AIM OF THE EXERCISE: Transcribe every entry word for word. Skip the pictures.

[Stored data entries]
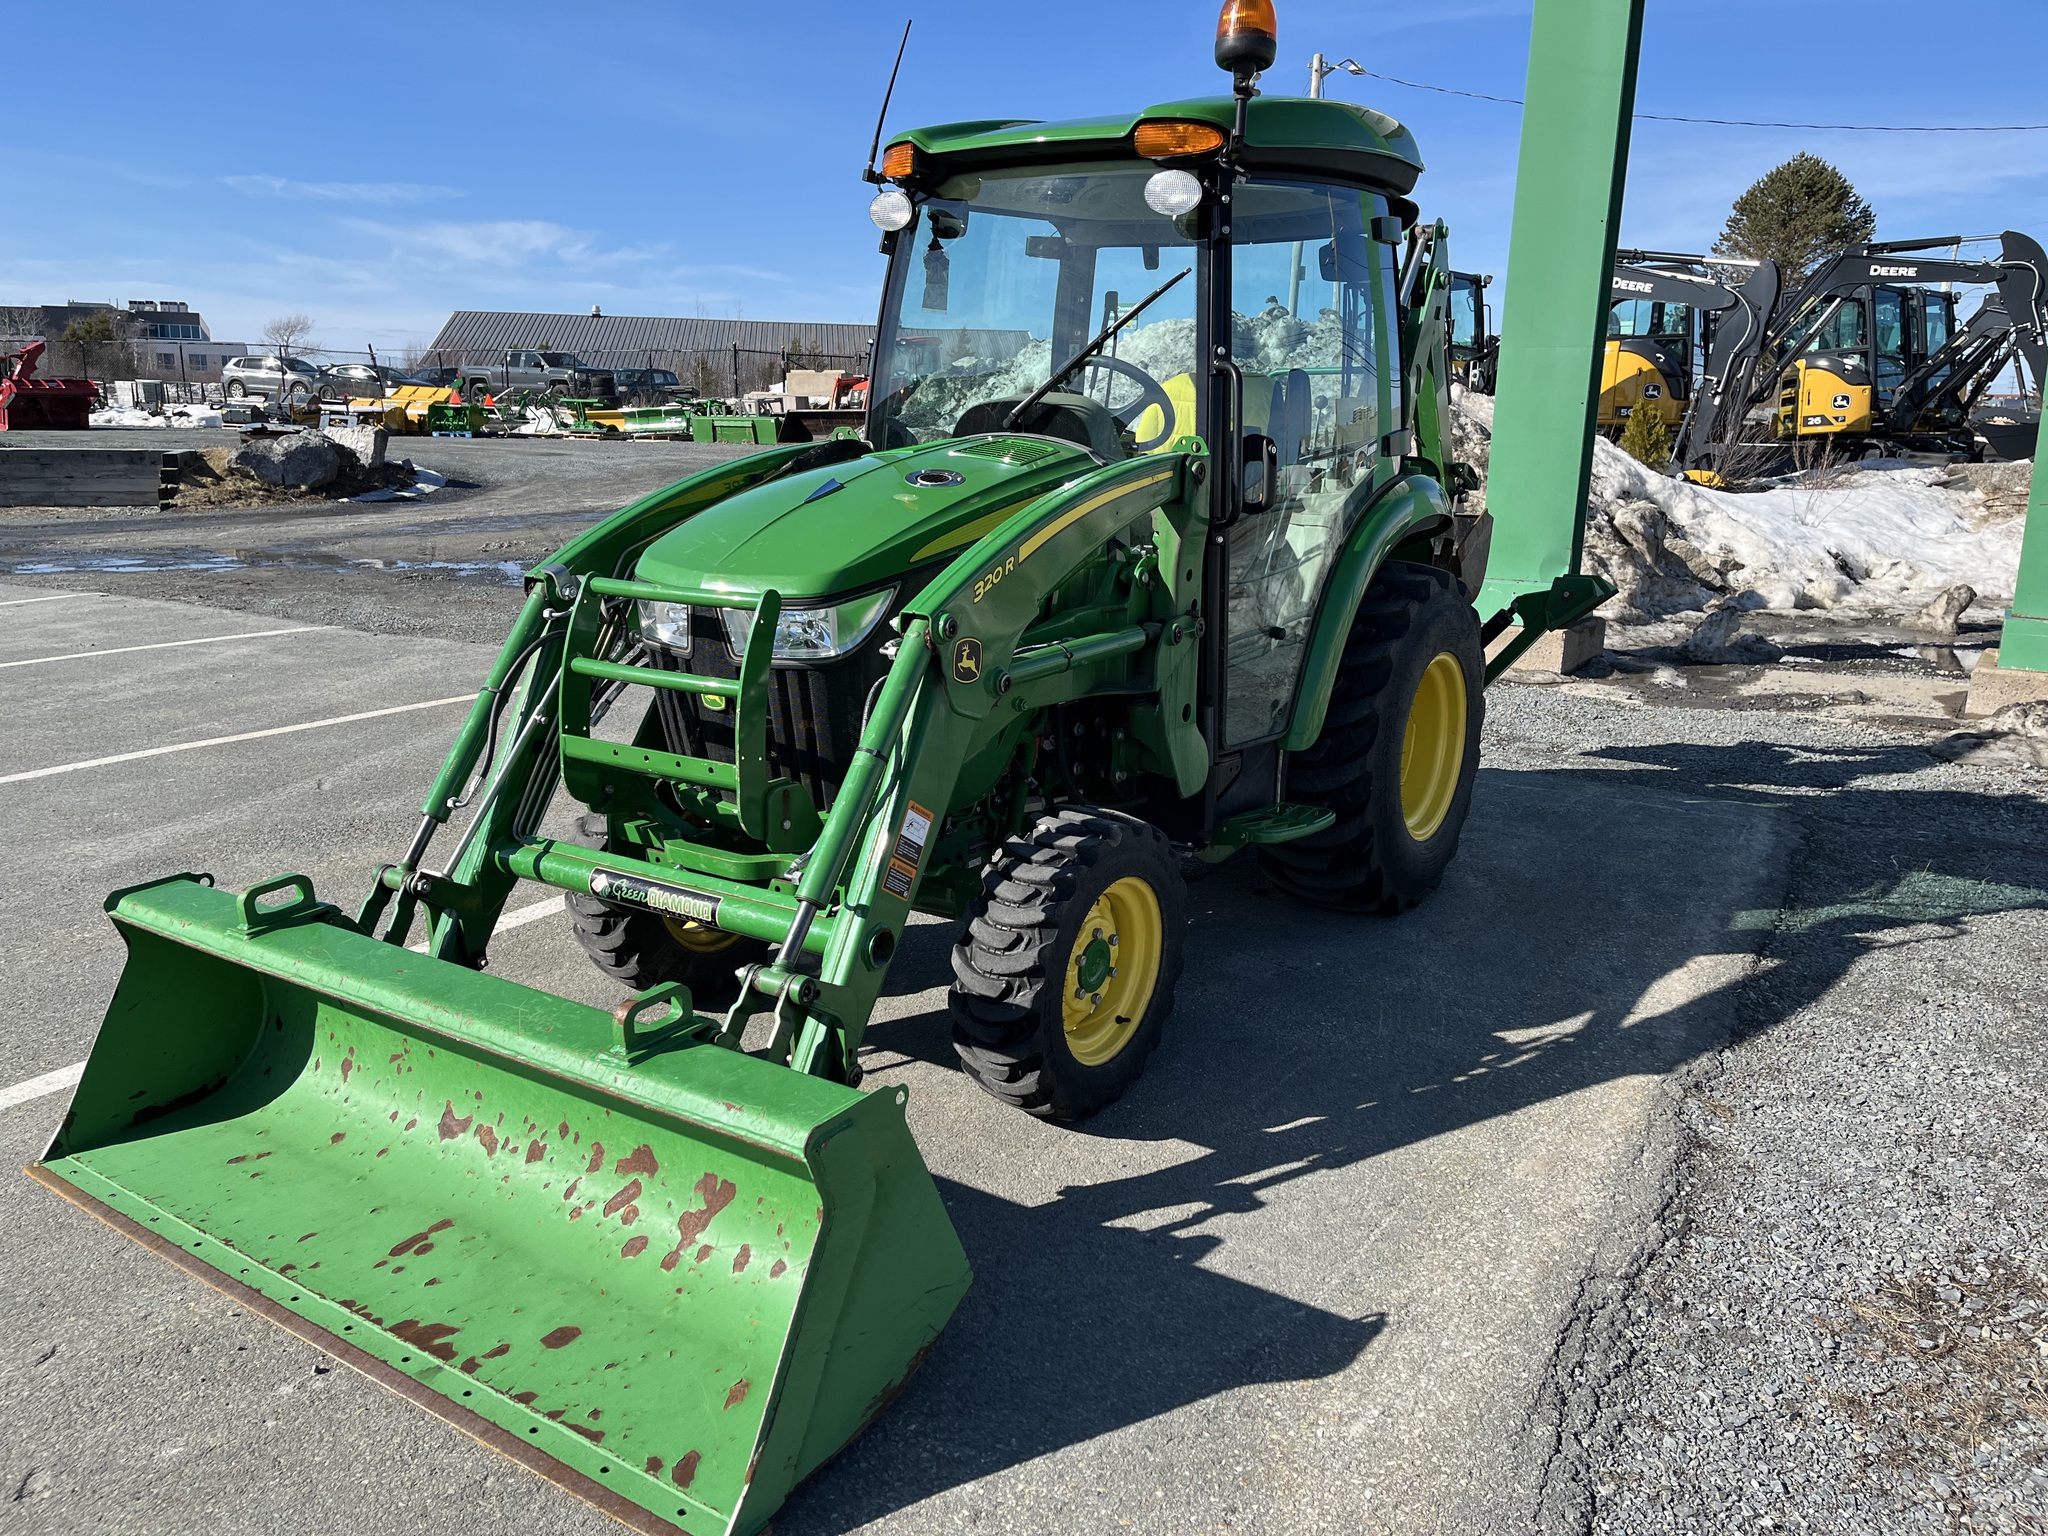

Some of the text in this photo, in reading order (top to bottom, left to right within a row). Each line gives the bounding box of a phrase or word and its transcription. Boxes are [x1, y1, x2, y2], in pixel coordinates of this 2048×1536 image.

[1869, 264, 1918, 277] DEERE
[1612, 276, 1654, 294] DEERE
[1807, 416, 1822, 425] 26
[974, 567, 1003, 603] 320
[612, 879, 648, 901] Green
[648, 888, 712, 921] DIAMOND
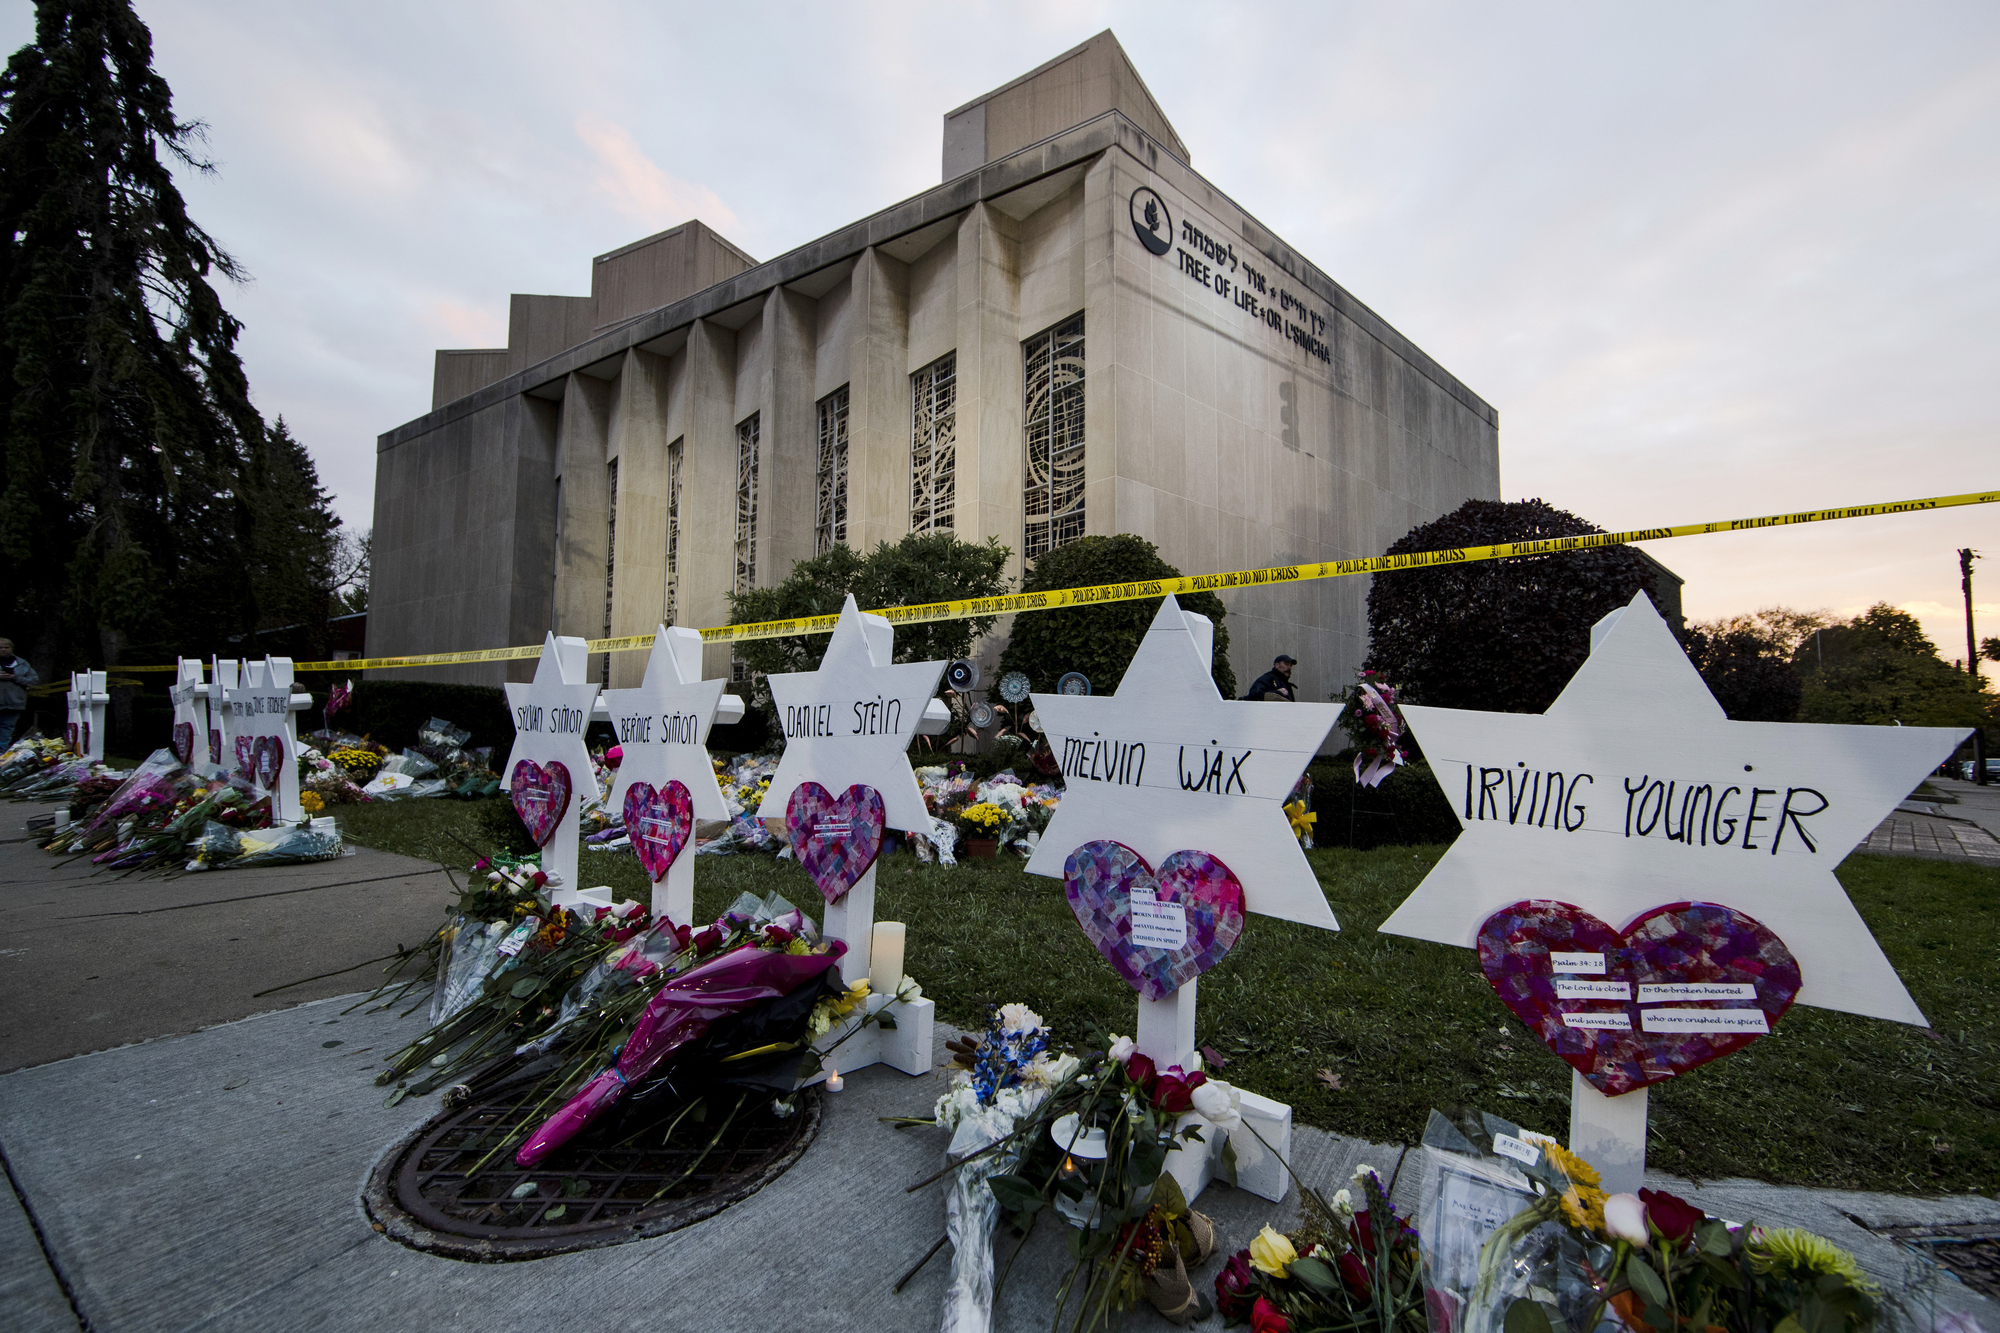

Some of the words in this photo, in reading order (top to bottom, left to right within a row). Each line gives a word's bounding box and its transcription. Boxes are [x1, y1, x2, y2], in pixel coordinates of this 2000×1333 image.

[1182, 219, 1238, 273] לשמחה
[1242, 261, 1267, 296] אור
[1177, 247, 1212, 289] TREE
[1215, 274, 1231, 299] OF
[1234, 285, 1259, 318] LIFE
[1266, 310, 1283, 334] OR
[1285, 319, 1331, 365] L'SIMCHA
[1512, 540, 1551, 555] POLICE
[1554, 537, 1579, 550] LINE
[1603, 531, 1626, 545] NOT
[1630, 527, 1673, 541] CROSS
[1335, 559, 1368, 574] POLICE
[1370, 556, 1391, 570] LINE
[1394, 554, 1407, 568] DO
[1410, 551, 1428, 566] NOT
[1431, 548, 1466, 563] CROSS
[1191, 575, 1219, 590] POLICE
[1220, 572, 1238, 587] LINE
[1239, 571, 1251, 585] DO
[1253, 569, 1268, 583] NOT
[1270, 566, 1299, 581] CROSS
[971, 600, 991, 614] POLICE
[991, 598, 1004, 613] LINE
[1004, 597, 1013, 611] DO
[1013, 595, 1027, 609] NOT
[1026, 593, 1047, 608] CROSS
[1072, 588, 1095, 603] POLICE
[1095, 586, 1111, 600] LINE
[1112, 585, 1121, 599] DO
[1122, 583, 1137, 597] NOT
[1138, 581, 1162, 596] CROSS
[932, 604, 950, 618] CROSS
[517, 704, 543, 733] SYLVAN
[550, 707, 583, 734] SIMON
[621, 714, 652, 743] BERNICE
[661, 714, 697, 745] SIMON
[787, 704, 834, 739] DANIEL
[852, 698, 901, 736] STEIN
[1062, 736, 1146, 787] MELVIN
[1178, 745, 1252, 795] WAX
[1465, 764, 1594, 832] IRVING
[1624, 774, 1830, 856] YOUNGER
[1552, 959, 1578, 967] Psalm
[1603, 985, 1627, 993] close
[1642, 986, 1652, 994] to
[1670, 986, 1703, 995] broken
[1704, 986, 1744, 995] hearted
[1565, 1016, 1585, 1024] and
[1608, 1018, 1631, 1026] those
[1685, 1016, 1722, 1024] crushed
[1724, 1017, 1735, 1025] in

TASK SOLUTION:
Some of the text in this photo, in reading order (top to bottom, left to right within a row). Each line gives the bounding box of a phrase or word and its transcription. Boxes are [x1, y1, x2, y2], in pixel coordinates of this 2048×1536 image.

[1869, 264, 1918, 277] DEERE
[1612, 276, 1654, 294] DEERE
[1807, 416, 1822, 425] 26
[974, 567, 1003, 603] 320
[612, 879, 648, 901] Green
[648, 888, 712, 921] DIAMOND

Some of the words in this photo, in reading order (top to bottom, left to right within a row). Each line gives a word's bounding box and its transcription. Boxes are [x1, y1, x2, y2], in pixel coordinates of this 2000×1333 image.

[1182, 219, 1238, 273] לשמחה
[1242, 261, 1267, 296] אור
[1177, 247, 1212, 289] TREE
[1215, 274, 1231, 299] OF
[1234, 285, 1259, 318] LIFE
[1266, 310, 1283, 334] OR
[1285, 319, 1331, 365] L'SIMCHA
[1512, 540, 1551, 555] POLICE
[1554, 537, 1579, 550] LINE
[1603, 531, 1626, 545] NOT
[1630, 527, 1673, 541] CROSS
[1335, 559, 1368, 574] POLICE
[1370, 556, 1391, 570] LINE
[1394, 554, 1407, 568] DO
[1410, 551, 1428, 566] NOT
[1431, 548, 1466, 563] CROSS
[1191, 575, 1219, 590] POLICE
[1220, 572, 1238, 587] LINE
[1239, 571, 1251, 585] DO
[1253, 569, 1268, 583] NOT
[1270, 566, 1299, 581] CROSS
[971, 600, 991, 614] POLICE
[991, 598, 1004, 613] LINE
[1004, 597, 1013, 611] DO
[1013, 595, 1027, 609] NOT
[1026, 593, 1047, 608] CROSS
[1072, 588, 1095, 603] POLICE
[1095, 586, 1111, 600] LINE
[1112, 585, 1121, 599] DO
[1122, 583, 1137, 597] NOT
[1138, 581, 1162, 596] CROSS
[932, 604, 950, 618] CROSS
[517, 704, 543, 733] SYLVAN
[550, 707, 583, 734] SIMON
[621, 714, 652, 743] BERNICE
[661, 714, 697, 745] SIMON
[787, 704, 834, 739] DANIEL
[852, 698, 901, 736] STEIN
[1062, 736, 1146, 787] MELVIN
[1178, 745, 1252, 795] WAX
[1465, 764, 1594, 832] IRVING
[1624, 774, 1830, 856] YOUNGER
[1552, 959, 1578, 967] Psalm
[1603, 985, 1627, 993] close
[1642, 986, 1652, 994] to
[1670, 986, 1703, 995] broken
[1704, 986, 1744, 995] hearted
[1565, 1016, 1585, 1024] and
[1608, 1018, 1631, 1026] those
[1685, 1016, 1722, 1024] crushed
[1724, 1017, 1735, 1025] in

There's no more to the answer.